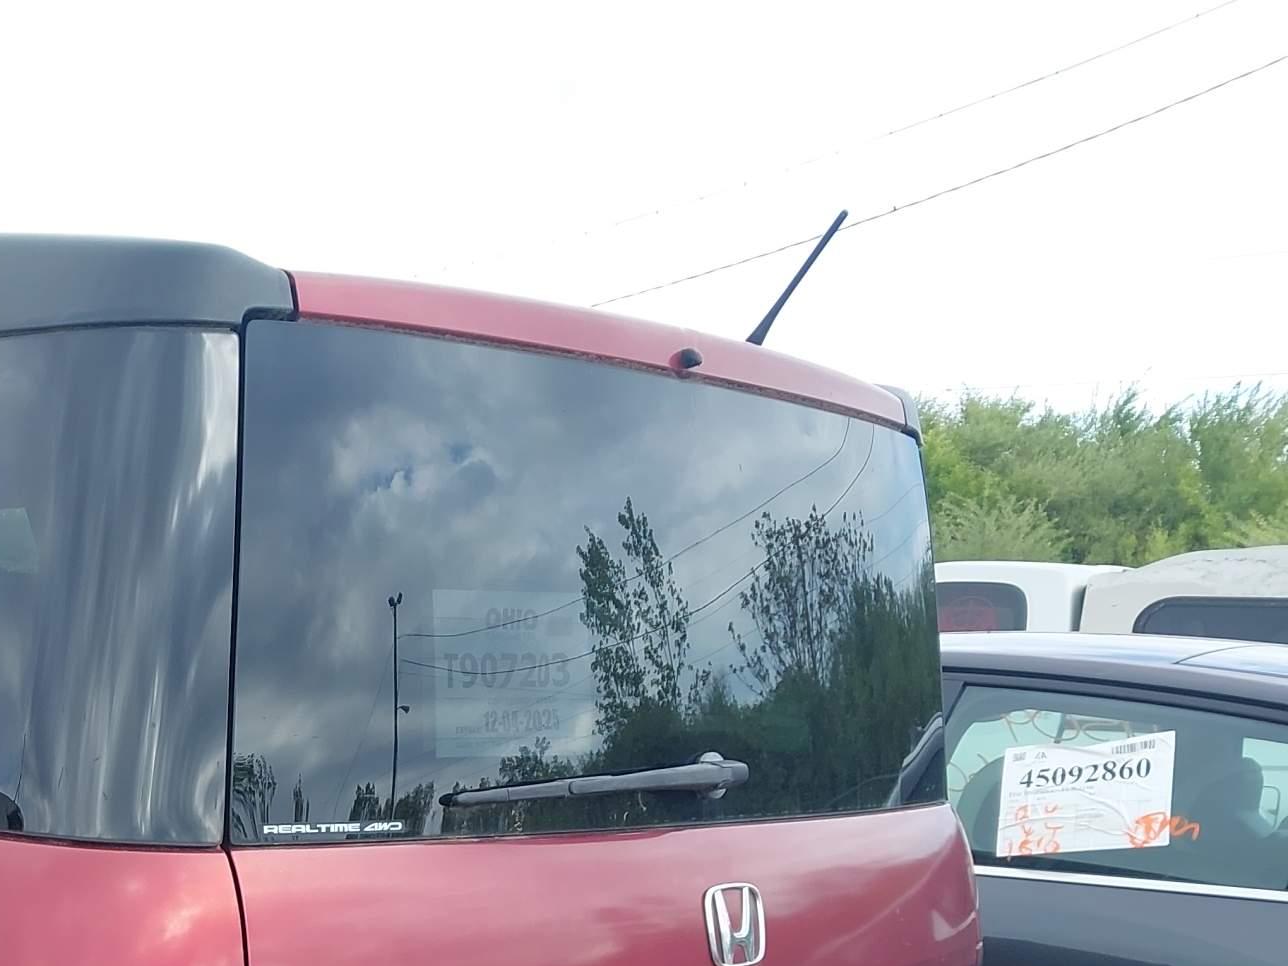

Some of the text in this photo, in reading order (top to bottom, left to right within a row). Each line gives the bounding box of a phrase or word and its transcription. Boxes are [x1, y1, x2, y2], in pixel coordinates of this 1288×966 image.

[485, 608, 537, 631] OHIO
[444, 652, 570, 688] T907203
[1019, 758, 1151, 788] 45092860
[263, 821, 403, 834] REALTIME 4WD

◆ ◆ ◆ ◆

Work order
What the response needs is every entry, repeated exactly, and none of the pictures.

Your response
Some of the text in this photo, in reading order (top to bottom, left to right within a row). Each line gives the bounding box of a phrase or word and its transcription. Boxes are [x1, y1, x2, y2], in pixel coordinates of this 1288×966 image.

[485, 608, 537, 631] OHIO
[444, 652, 570, 688] T907203
[1019, 758, 1151, 788] 45092860
[263, 821, 403, 834] REALTIME 4WD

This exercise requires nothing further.